George WashingtonI’m excited. It’s as if the stars are aligned. It’s the confluence of three of my favorite holidays.

Friday is Valentine’s Day, the time to tell those you love how you feel. Monday is that national holiday celebrating our country’s presidents, and next week (Feb. 16-22) is National Engineers Week. In the spirit of such important occasions, I thought I’d write a valentine to my favorite engineer, a role model I’ve long respected and
admired . . . our first president, George Washington.

Old George (BTW, he doesn’t mind if I call him that, it’s a term of endearment) has long been a friend of mine. I have George to thank for putting me through college. He personally paid (part) of my tuition to Washington and Lee University. In 1796, through a gift of $20,000 (worth millions today) of James River Canal stock, George endowed a small school in Lexington, Virginia. The university legend says that the centuries-old investment continues to contribute just shy of $3 of each student’s fees for an outstanding liberal arts education.

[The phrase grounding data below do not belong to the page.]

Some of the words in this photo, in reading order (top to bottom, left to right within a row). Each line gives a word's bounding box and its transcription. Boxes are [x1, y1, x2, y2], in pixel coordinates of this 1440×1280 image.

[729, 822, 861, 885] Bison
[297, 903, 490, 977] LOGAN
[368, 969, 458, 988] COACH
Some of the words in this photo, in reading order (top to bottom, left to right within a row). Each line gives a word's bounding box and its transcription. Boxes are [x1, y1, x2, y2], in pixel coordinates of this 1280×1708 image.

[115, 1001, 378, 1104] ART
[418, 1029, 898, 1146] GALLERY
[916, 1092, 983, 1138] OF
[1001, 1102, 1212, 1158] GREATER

But did you know George is credited (not often enough, if I do say so myself) as our nation’s “first” engineer? He trained as a (very) young man to be a surveyor, an early civil engineer, if you will.

At age 16, young George did just what we at Techbridge encourage our aspiring engineers to do, he “tinkered” around the house. George measured, plotted and sketched the turnip garden at his family homestead, Mount Vernon. (Should you want to admire the accomplishment, the Library of Congress has the treasure).

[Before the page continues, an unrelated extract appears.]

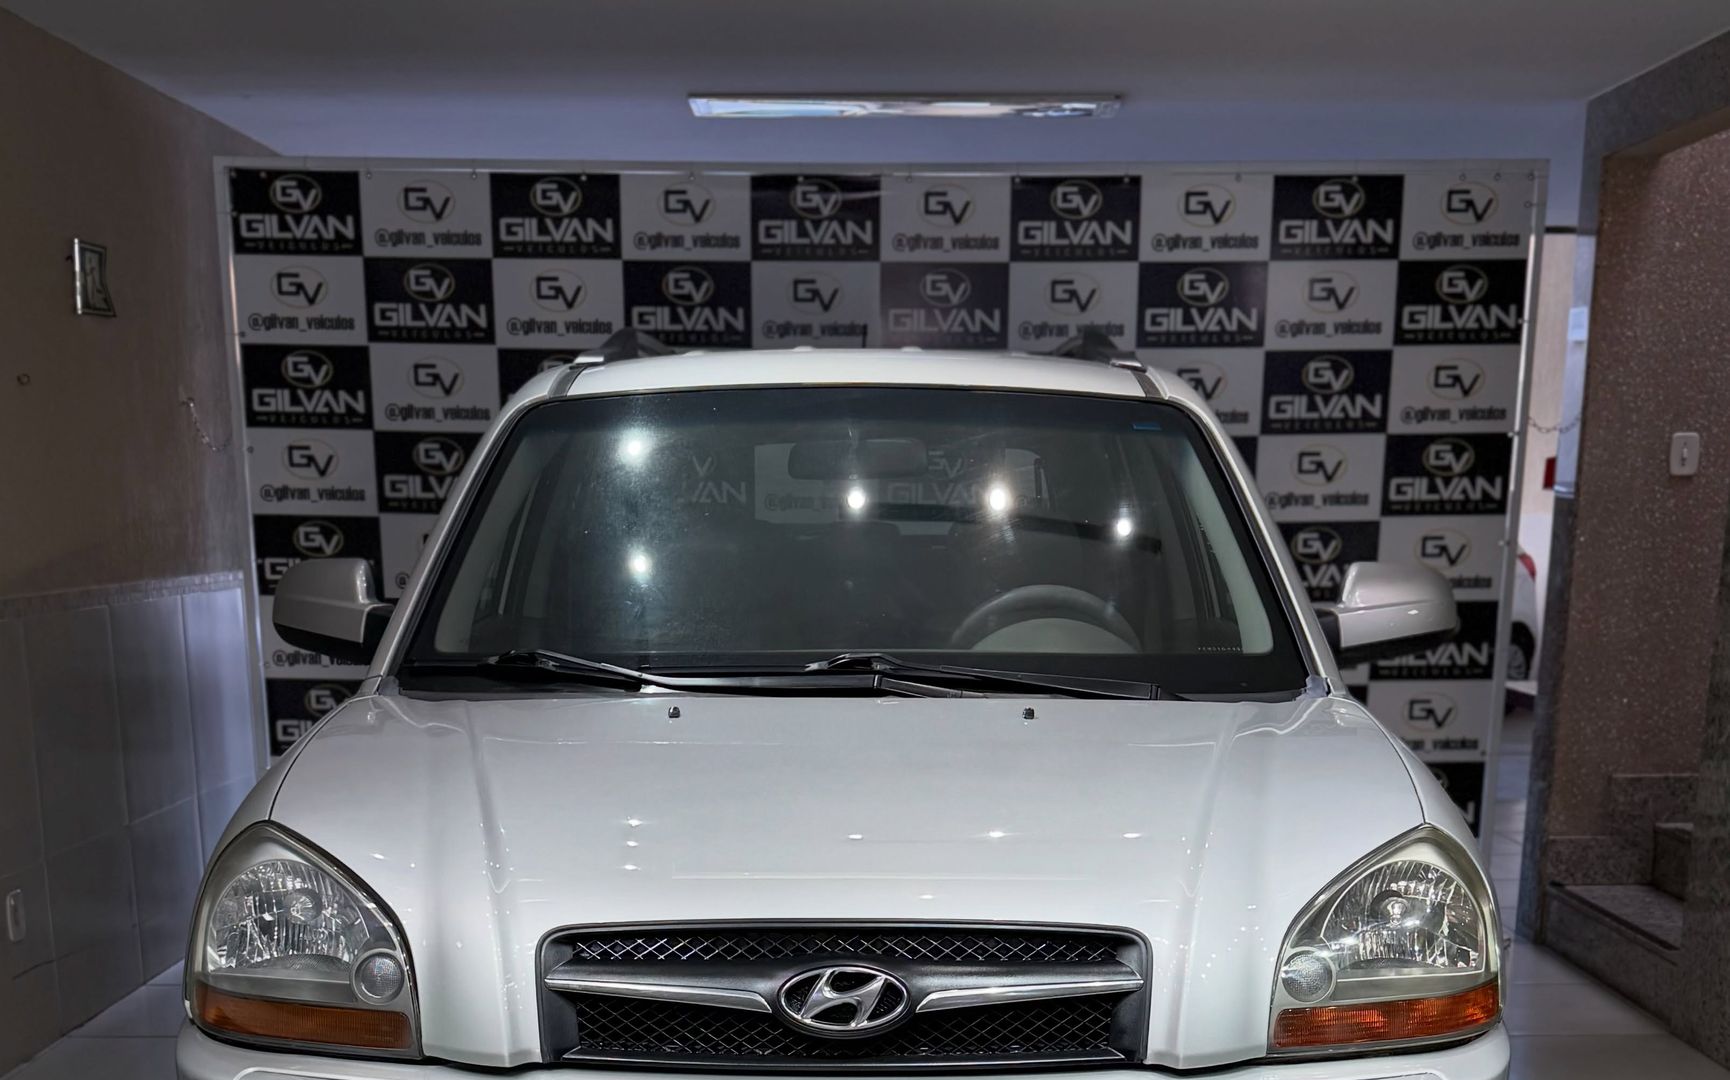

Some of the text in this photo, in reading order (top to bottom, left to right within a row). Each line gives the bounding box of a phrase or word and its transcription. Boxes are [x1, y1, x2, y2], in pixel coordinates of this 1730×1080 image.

Though this drawing doesn’t show any erasures or corrections, I’m sure George worked through the very same thought process we coach our pre-teen and teenage Techbridge girls to do: identify a problem, brainstorm options, choose and design a solution, test it, redesign and repeat – the universal Engineering Design Process. The more George did it, the better problem-solver he became, and surely that logic “strength training” contributed to his later success.

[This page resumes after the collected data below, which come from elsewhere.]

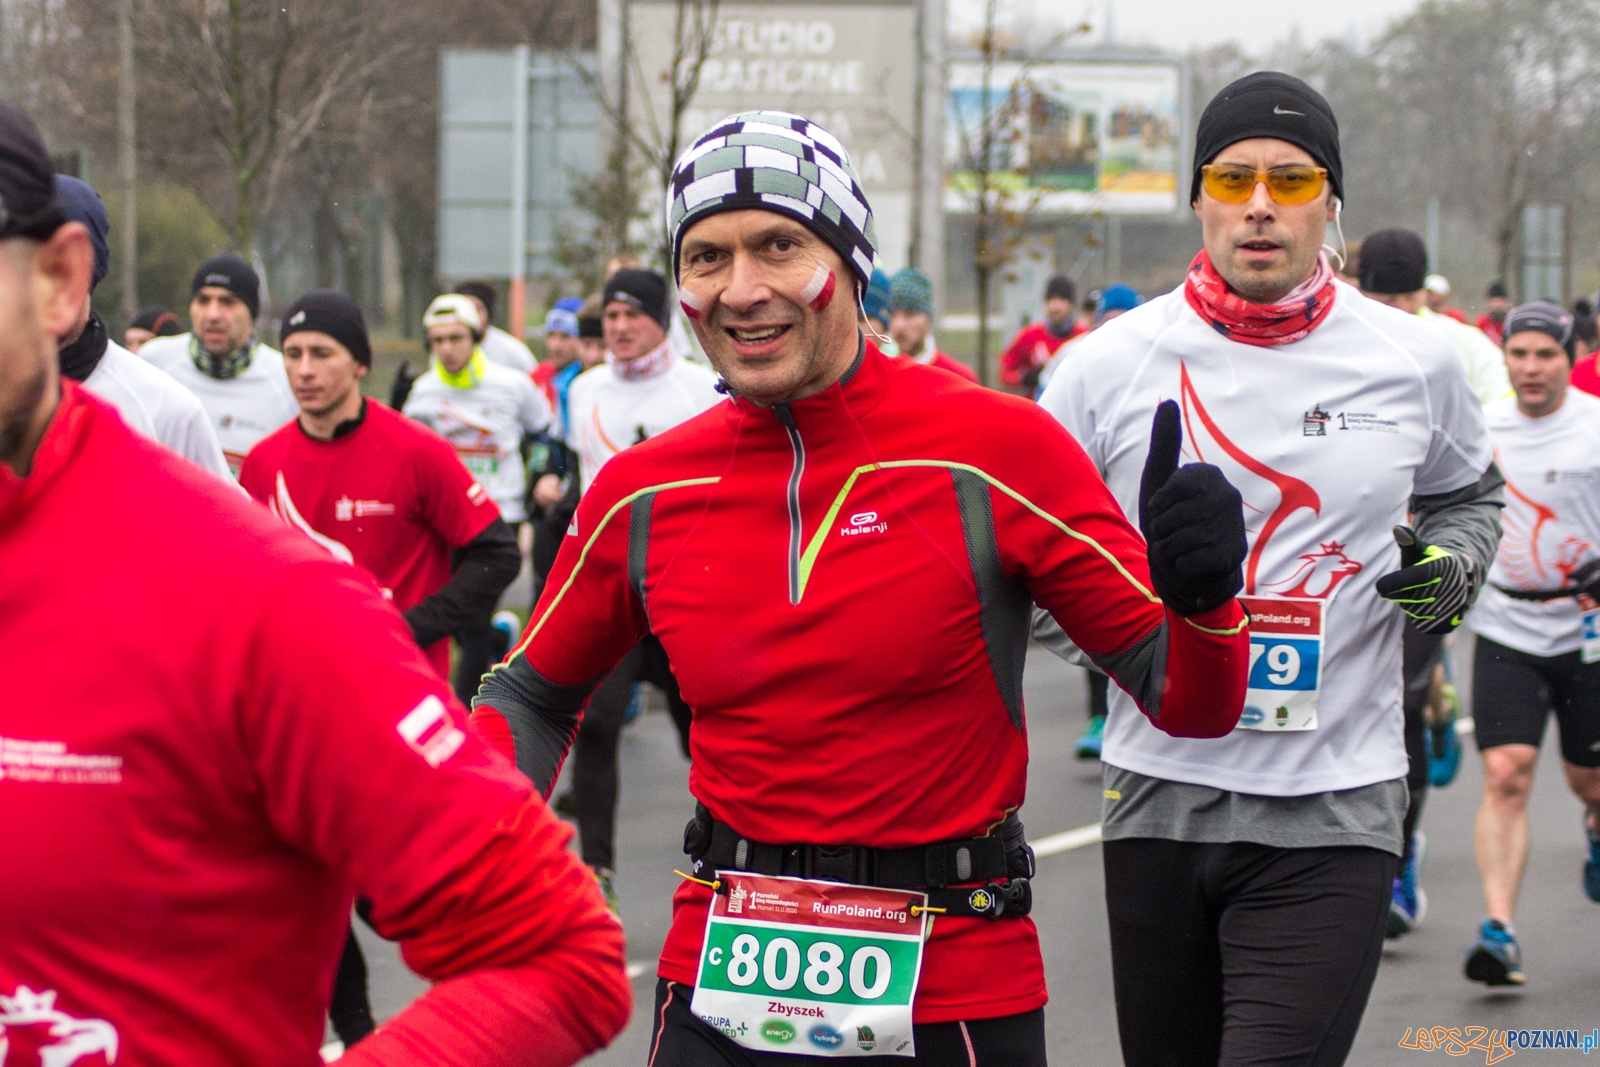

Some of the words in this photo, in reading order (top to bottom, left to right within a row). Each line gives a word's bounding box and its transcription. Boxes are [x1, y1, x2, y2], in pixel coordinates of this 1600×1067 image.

[711, 20, 835, 54] STUDIO
[1337, 412, 1349, 430] 1
[748, 891, 757, 909] 1
[813, 902, 907, 923] RunPoland.org
[726, 932, 893, 1001] 8080
[767, 1001, 825, 1018] Zbyszek

George went on to do a great many other amazing accomplishments, but I’m afraid his budding engineering career gets lost amidst his military victories and visionary leadership. However in 1951, the National Society of Professional Engineers recognized an opportune time to celebrate all engineers would coincide with Old George’s birthday (the man collaborated on and contributed to the engineering of our nation, after all!), and they began National Engineers Week to always be celebrated around President’s Day.

This celebration has evolved over the decades to include Introduce a Girl to Engineering Day. The effort recognizes that galvanizing girls to help fill the nation’s deficit of engineers can’t happen just one day of the year, but every day through purposeful conversations, outreach and role model experiences. This is Techbridge’s daily work, and I’m proud to be a part of it.

Thank you, George. Is it too much to say “I love you?"

In honor of Old George, my favorite engineer, not only will I participate in Techbridge’s Engineers Week events to engage and inspire future engineers to make a difference in the world (see our plans and posts here) but I think I’ll sketch out my spring vegetable garden, and plan to plant some turnips, too. Doesn’t that old saying go, “From tiny turnips, mighty engineers grow?"

-- Megan Davis, a proud 1999 graduate of Washington and Lee University, is Program Manager of Girls Go Techbridge, a partnership with Girl Scout councils to bring hands-on engineering challenges to girls in grades 4-12.